One of the festival’s highest prizes, The Golden Dove for Best International Documentary, went to French director Dominique Cabrera for her unorthodox memoir film La Jetée, the Fifth Shot. Tracing Cabrera’s unlikely family connections to Chris Marker’s celebrated experimental sci-fi short La Jetée (1962), this was a perfect DOK Leipzig winner: a documentary about a documentary, but also about unreliable memory, post-colonial politics and the elusive search for cinematic truth. The Golden Dove for Best German Documentary, meanwhile, was awarded to Anja Dreschke and Michaela Schäuble for Tarantism Revisited, a fascinating deep-dive study of tarantism, a blend of ecstatic dancing and religious ritual rooted in the folklore of southern Italy. Both films are Leipzig world premieres, and should go on to wider festival play.

Picking up the Golden Dove for Best Animated Feature was Hungarian director László Csáki’s Pelikan Blue, a genial blend of lo-fi 2D graphics and non-fiction audio interviews recalling a boom time in the early 1990s, when Soviet Communism had just collapsed and foreign rail travel suddenly opened up for citizens of the former Eastern Bloc nations. But train journeys were not cheap, so an enterprising gang of young Hungarians figured out a cheeky scheme to forge the hand-written tickets of the time, initially enjoying limitless travel across Europe, then running a lucrative illegal business. This slight but entertaining throwback to more innocent times has also been shortlisted for the European Film Awards on December 7.

Across the wider Leipzig program this year were multiple films that addressed Palestine and the Arab-Israeli conflict.
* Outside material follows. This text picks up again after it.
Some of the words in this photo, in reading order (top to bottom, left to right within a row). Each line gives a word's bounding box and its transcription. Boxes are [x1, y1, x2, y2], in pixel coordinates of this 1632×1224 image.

They came from different eras and voices, all attempting to convey what it means to be Palestinian after 1948, whether living in the diaspora, being Palestinian with an Israeli passport, residing in a refugee camp in Syria, stranded in a West Bank village, or raised in a PLO orphanage in Beirut. Some of these film-makers were Palestinians, as in the case of Marwan Salamah’s Aida (1985), Husein Bastouni’s Where the Jasmine Always Blooms (2024), and Yvann Yagchi’s There Was Nothing Here Before (2024). But there were also films by Israelis, as in Edna Politi’s For the Palestinians (1973), and Americans, such as Tal Barda’s I Shall Not Hate (2024). There was even a relic from the dusty archives of the GDR, Solidarity in Action (1970), echoing the same long-running call for Palestinian self-determination.

With their varied time periods, styles and arguments, these films represent a necessary counterbalance to the rising racist and anti-Arab rhetoric sadly gaining more ground in the German public sphere. Screening them in Leipzig, a city where the vocally anti-immigrant AfD party scored second place in the latest elections, was a strong statement by the festival in an era when pro-Palestinian voices calling for a ceasefire in Gaza and Lebanon are increasingly subject to restrictions by the German government.
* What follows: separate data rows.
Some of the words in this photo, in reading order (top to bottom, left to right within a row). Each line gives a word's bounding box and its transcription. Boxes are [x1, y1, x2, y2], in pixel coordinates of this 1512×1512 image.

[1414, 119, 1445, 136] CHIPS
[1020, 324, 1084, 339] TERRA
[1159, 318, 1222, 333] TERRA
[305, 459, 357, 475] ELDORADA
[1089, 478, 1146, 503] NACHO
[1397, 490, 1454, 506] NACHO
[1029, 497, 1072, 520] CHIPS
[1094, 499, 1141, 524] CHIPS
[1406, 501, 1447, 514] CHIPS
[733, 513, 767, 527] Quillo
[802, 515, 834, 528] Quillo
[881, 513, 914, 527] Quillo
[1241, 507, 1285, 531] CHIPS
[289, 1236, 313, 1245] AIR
Pleas for a ceasefire in Gaza even crept into Being John Smith, the latest mischievously funny work from veteran British avant-garde film-maker John Smith, which won the Golden Dove for Best Short in the festival’s International Documentary category. Although notionally about the director’s extremely common name, this bittersweet mini-memoir also digresses into politics, medical issues, self confidence, and the career of Smith’s former student Jarvis Cocker, singer with the band Pulp.
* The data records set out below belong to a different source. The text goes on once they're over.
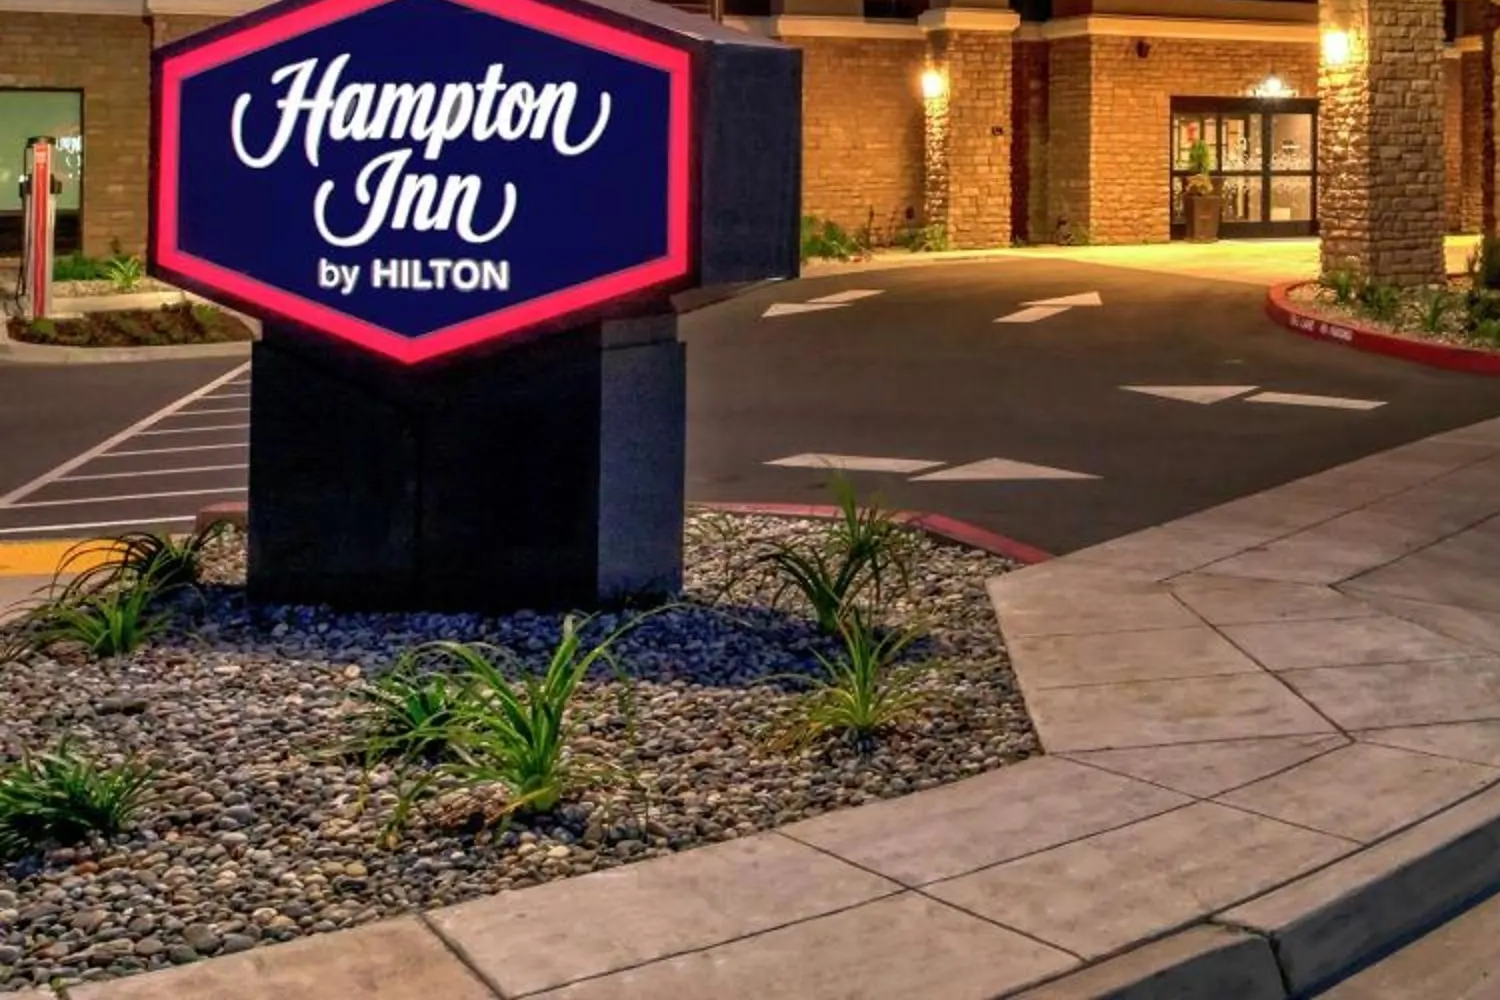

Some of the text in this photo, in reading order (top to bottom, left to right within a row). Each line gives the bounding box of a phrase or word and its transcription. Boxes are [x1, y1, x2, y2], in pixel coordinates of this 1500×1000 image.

[231, 53, 611, 169] Hampton
[314, 148, 517, 247] Inn
[319, 258, 509, 295] by HILTON
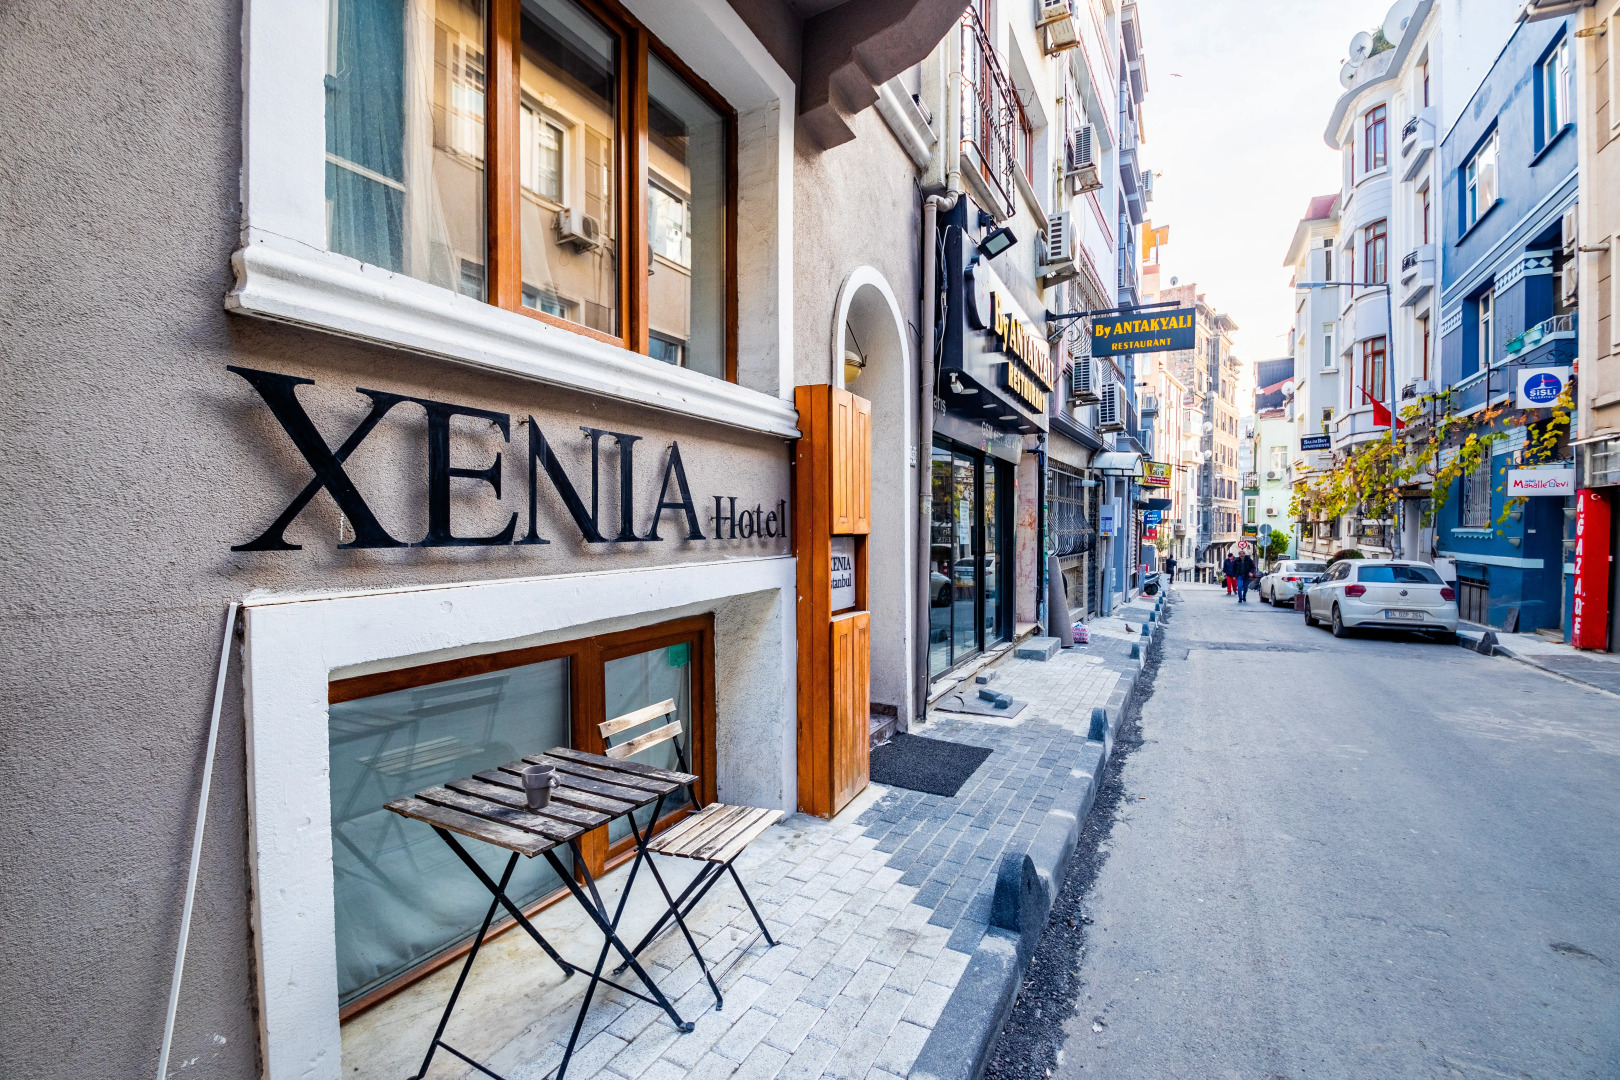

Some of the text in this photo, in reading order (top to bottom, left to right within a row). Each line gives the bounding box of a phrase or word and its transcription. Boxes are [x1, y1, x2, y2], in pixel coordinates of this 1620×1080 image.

[1095, 314, 1193, 339] By ANTAKYALI
[1111, 337, 1172, 351] RESTAURANT
[227, 365, 788, 552] XENIA Hotel
[831, 573, 852, 589] tanbul
Scattered across Leipzig, on the festival’s more experimental fringes, cinema and music, visual art and live performance collide. One of this year’s glorious left-field highlights was Spinning Dreams and Beats at the charmingly grungy boho theatre venue Schaubühne Lindenfels, a hybrid concert event which featured multiple films made using a phenakistiscope, one of the earliest animation devices, from its 19th century origins to today. This show was headlined by London-based audio-visual duo Sculpture, who blended ear-bashing electronic soundscapes with modern phenakistiscopic graphics, using a spinning DJ turntable to project surreal, psychedelic imagery directly onto a big screen. How many film festivals deliver mind-bending avant-garde performance art rooted in antique steampunk technology? DOK Leipzig may be a serious-minded festival, but it also knows how to party.